The automaker is a joint-venture partner in an assembly plant situated in Walvis Bay and owns a 51% stake, while government owns the remaining 49% in Peugeot Opel Assembly Namibia (POAN).
PSA’s initial contribution to the share capital of POAN was about N$17.5 million, and the Namibia Development Corporation’s (now Namibia Industrialisation and Development Agency) contribution was about N$12.7 million, each amount in proportion to their respective shareholding.
The automaker said it had complied with all its obligations under an investment agreement to assemble more than 150 vehicles.
The assembly plant was anticipated to achieve a target volume of 5 000 units by 2020 to meet the Southern African Customs Union (SACU) demand.
The plant has been plagued by its inability to export assembled vehicles to South Africa, the region’s biggest market.
Last year, the deputy executive director in the ministry of industrialisation Michael Humavindu told Namibian Sun that government was working tirelessly to resolve these export issues.
As of June last year, only 30 of 150 vehicles had been bought by government, as per a 2019 Cabinet directive that all government entities must reserve their vehicle purchases for Peugeot and Opel cars assembled at Walvis Bay.
The 150 vehicles assembled in nearly five years are a drop in the ocean compared to the annual targeted volume of 5 000 units by 2020, as promised by shareholders at the time.
The Opel Grandland X and Peugeot 3008 were the first outputs from this factory, while other products were meant to follow.
PSA honoured arrangement
“In particular, [PSA] has - to date - used all reasonable endeavours to implement the assembly processes of POAN in accordance with that business plan, in that [PSA] assisted in the designing, constructing, testing and installation of the tooling for the assembly of vehicles at the plant,” the French automaker’s particulars of claim read.
“[PSA] pleads that Namibia is a signatory to and has ratified the Southern African Development Community (SADC) treaty, including the SADC trade protocols. The [government] could also have utilised the provisions of the protocol on trade in the SADC region to further comply with their obligations under the investment agreement.”
Government had - as a SACU member - not facilitated the cross-border movement of goods from POAN within the union and failed to promote conditions of fair competition in the common customs area and substantially increase investment opportunities for the plant, it said.

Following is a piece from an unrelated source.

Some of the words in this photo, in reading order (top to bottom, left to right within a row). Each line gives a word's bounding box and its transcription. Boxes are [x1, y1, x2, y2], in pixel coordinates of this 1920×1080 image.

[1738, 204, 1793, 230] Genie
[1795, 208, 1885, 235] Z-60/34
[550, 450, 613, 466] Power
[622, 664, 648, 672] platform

The Namibian government also did not seek out infant industry protection for POAN as a SACU member state, PSA claimed.
“[The Namibian government has] not implemented and/or taken the required steps which would afford POAN and/or its products any protection contemplated in Article 26 of the SACU agreement,” PSA said.
Unable to compete
PSA said it informed government that it could not compete on equal footing with other vehicle assembly plants in SACU because it did not seek exemption from normal duties and taxes levied upon the export of vehicles from Namibia and SADC member states, including Namibia.
Without the implementation of the duty remission incentive scheme, POAN was unable to compete against vehicles supplied by other vehicle manufacturers, it said.
The company further claimed that without such sales, the plant would be unable to pay [PSA] for the semi-knocked down vehicle components supplied to POAN, while it is also unable to continue its normal operating expenses in the ordinary course of POAN’s business.
“In addition, POAN is still unable to export such vehicles to South Africa on a free trade basis as the [Namibian government] failed to ensure the required exemption of all excises and custom duties, taxes or levies in relation to the export of vehicles to South Africa and other country members of the SACU and SADC areas,” PSA said.
According to the French automaker, it is owed N$79.9 million as a consequence of its unrecovered investment in Namibia, made up as initial share capital injected to the value of N$17 million, research and development costs to the value of N$14 million and unpaid invoices totalling N$48.9 million.